##### Data in this exercise #####

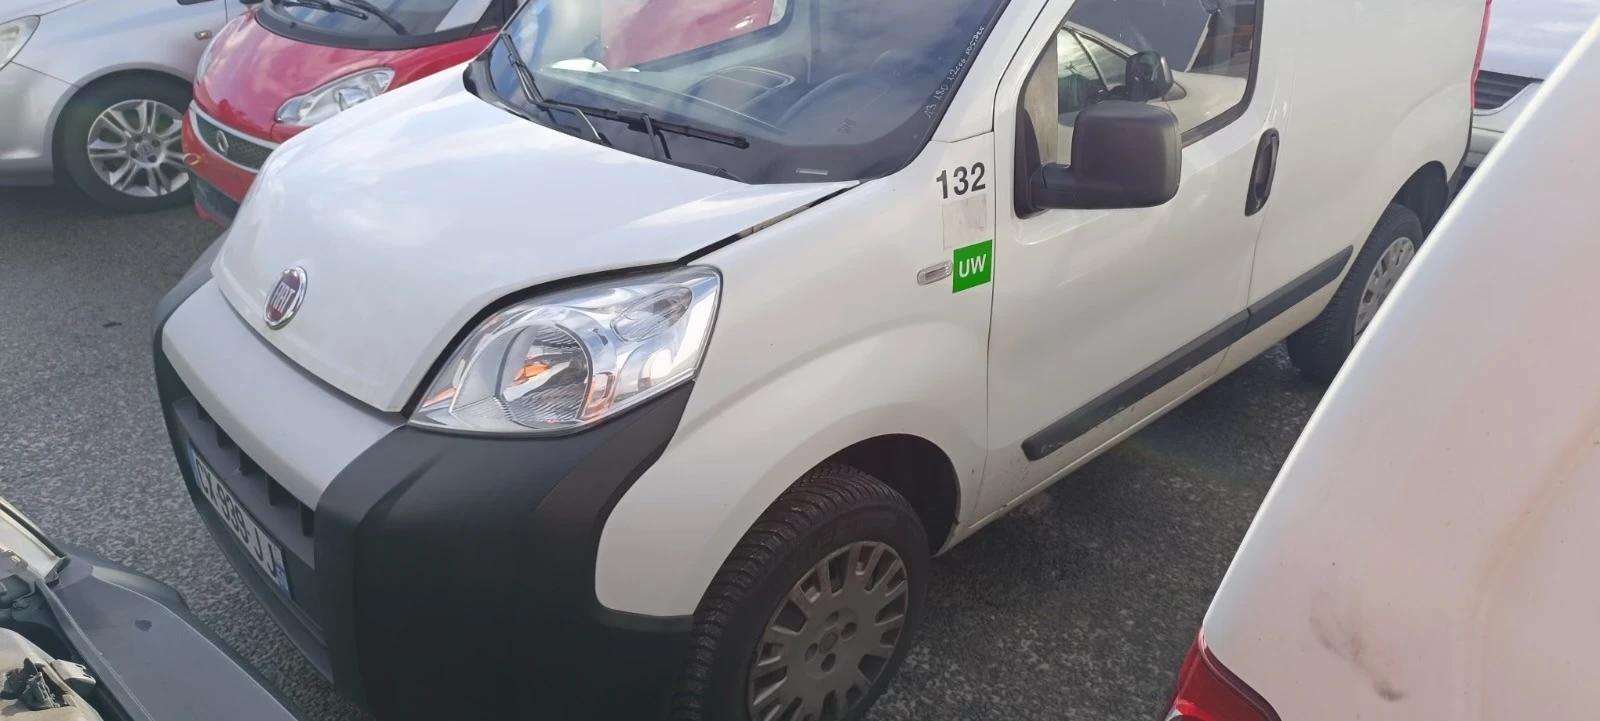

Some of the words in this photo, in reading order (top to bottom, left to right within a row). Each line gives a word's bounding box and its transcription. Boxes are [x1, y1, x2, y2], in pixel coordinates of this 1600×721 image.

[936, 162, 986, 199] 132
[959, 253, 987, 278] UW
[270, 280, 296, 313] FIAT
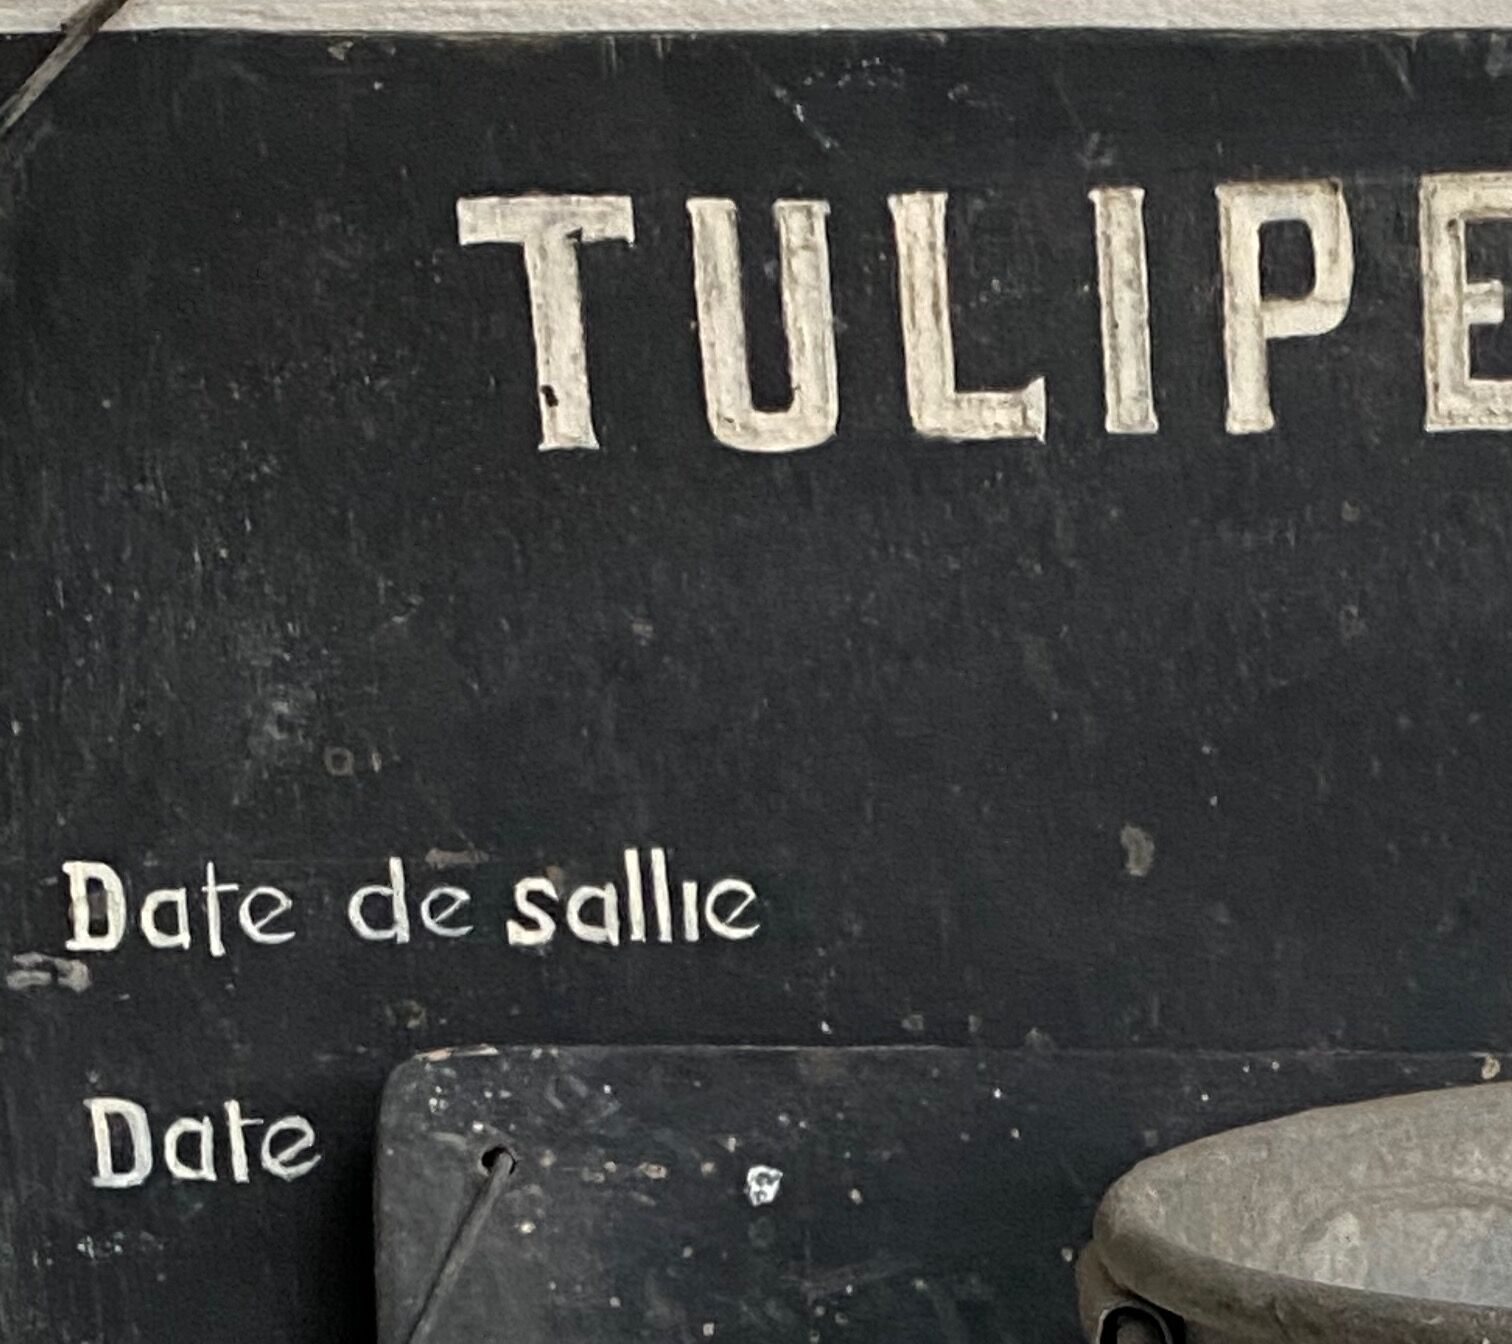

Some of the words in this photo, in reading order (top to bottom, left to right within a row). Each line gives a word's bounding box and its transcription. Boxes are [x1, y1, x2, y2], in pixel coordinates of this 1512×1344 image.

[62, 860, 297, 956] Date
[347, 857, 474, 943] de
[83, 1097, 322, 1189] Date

#####

Keep every word of the records above exactly, and return them with no pictures.

Some of the words in this photo, in reading order (top to bottom, left to right within a row). Each line gives a word's bounding box and its transcription. Boxes are [x1, y1, x2, y2], in pixel coordinates of this 1600×721 image.

[936, 162, 986, 199] 132
[959, 253, 987, 278] UW
[270, 280, 296, 313] FIAT

Some of the words in this photo, in reading order (top to bottom, left to right within a row). Each line gives a word's bounding box and its transcription. Boxes are [x1, y1, x2, y2], in pixel coordinates of this 1512×1344 image.

[62, 860, 297, 956] Date
[347, 857, 474, 943] de
[83, 1097, 322, 1189] Date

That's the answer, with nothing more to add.